- **Task objective**: Print what the records say exactly, and omit the pictures.
BEGIN Data to examine
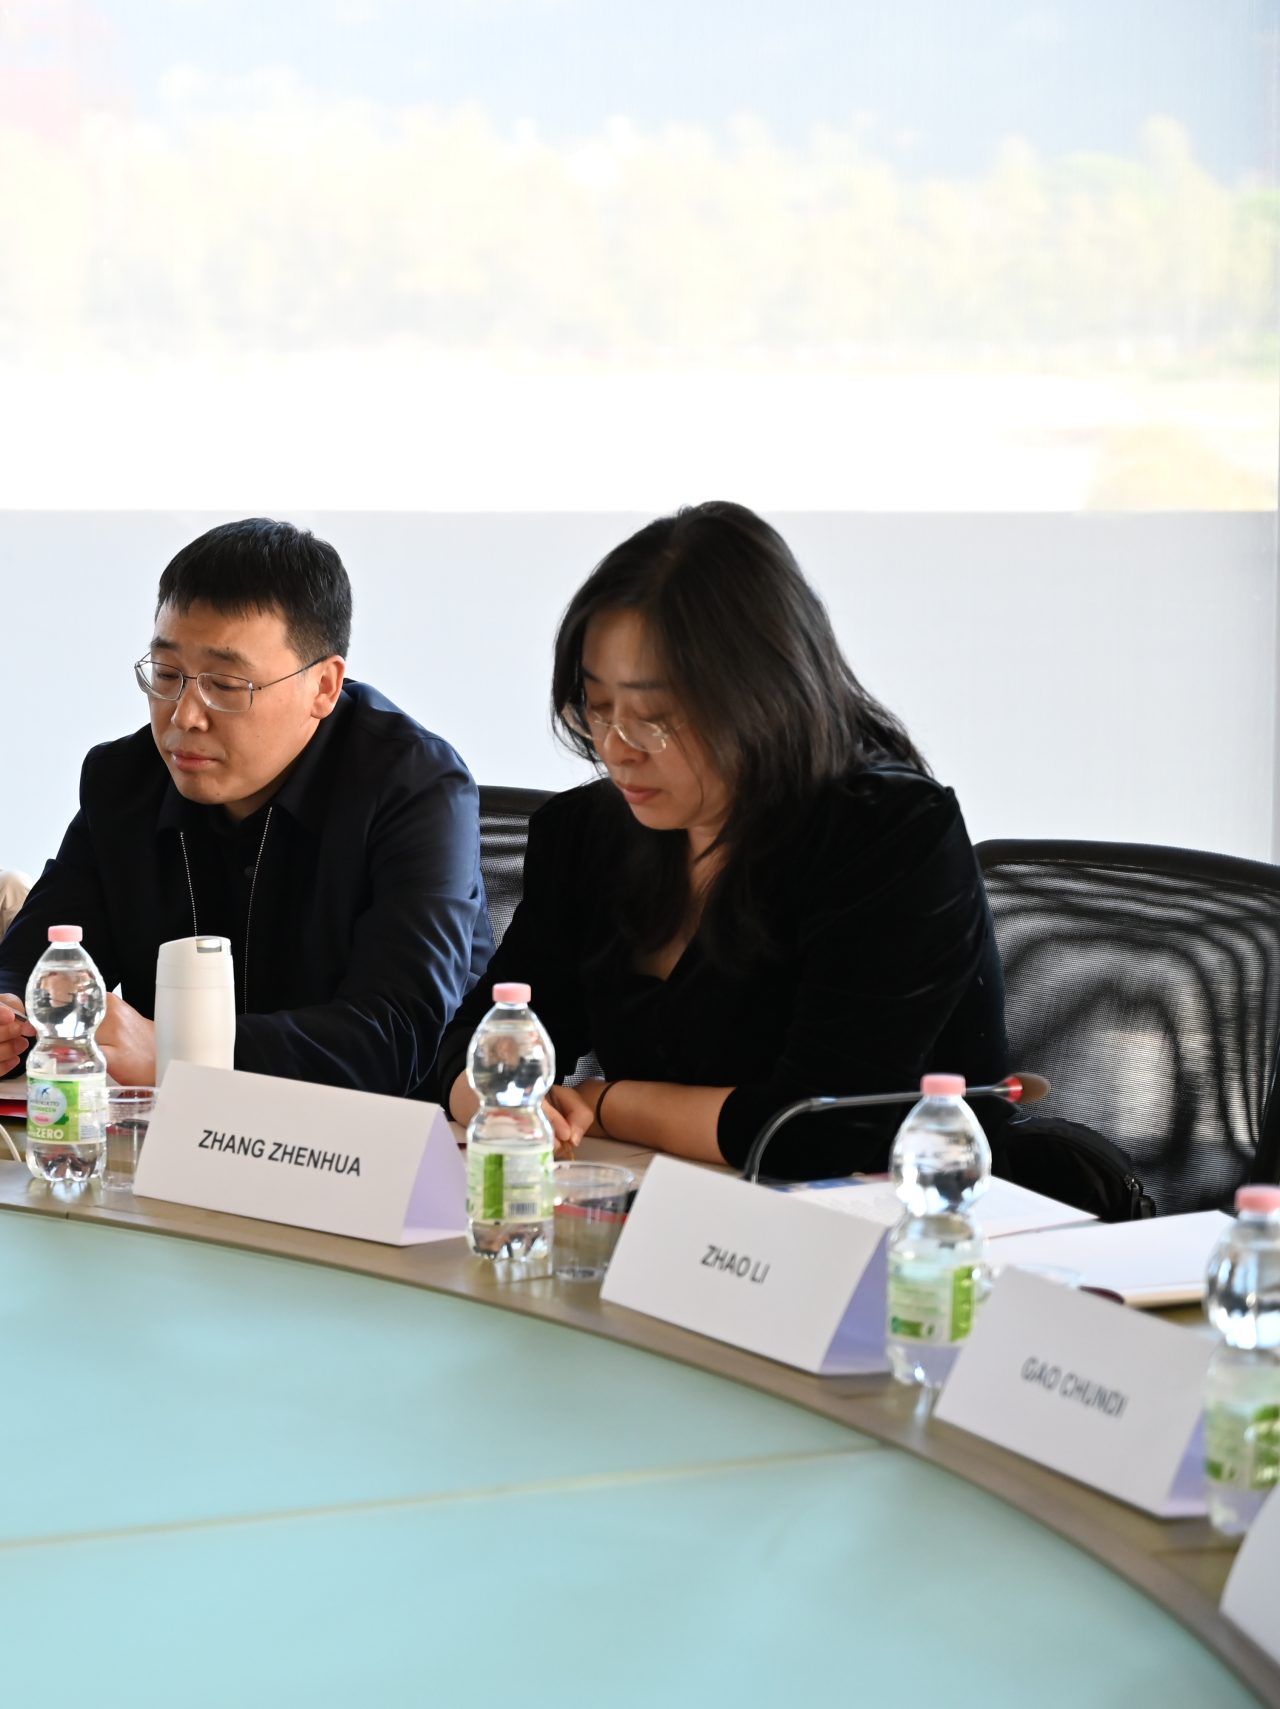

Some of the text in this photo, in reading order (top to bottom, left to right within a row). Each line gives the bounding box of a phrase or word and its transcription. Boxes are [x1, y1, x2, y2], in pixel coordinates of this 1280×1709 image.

[36, 1127, 64, 1140] ZERO
[198, 1129, 360, 1177] ZHANG ZHENHUA
[701, 1245, 770, 1285] ZHAO LI
[1021, 1356, 1062, 1391] GAO
END Data to examine
- **Answer space**:
Some of the text in this photo, in reading order (top to bottom, left to right within a row). Each line gives the bounding box of a phrase or word and its transcription. Boxes are [x1, y1, x2, y2], in pixel coordinates of this 1280×1709 image.

[36, 1127, 64, 1140] ZERO
[198, 1129, 360, 1177] ZHANG ZHENHUA
[701, 1245, 770, 1285] ZHAO LI
[1021, 1356, 1062, 1391] GAO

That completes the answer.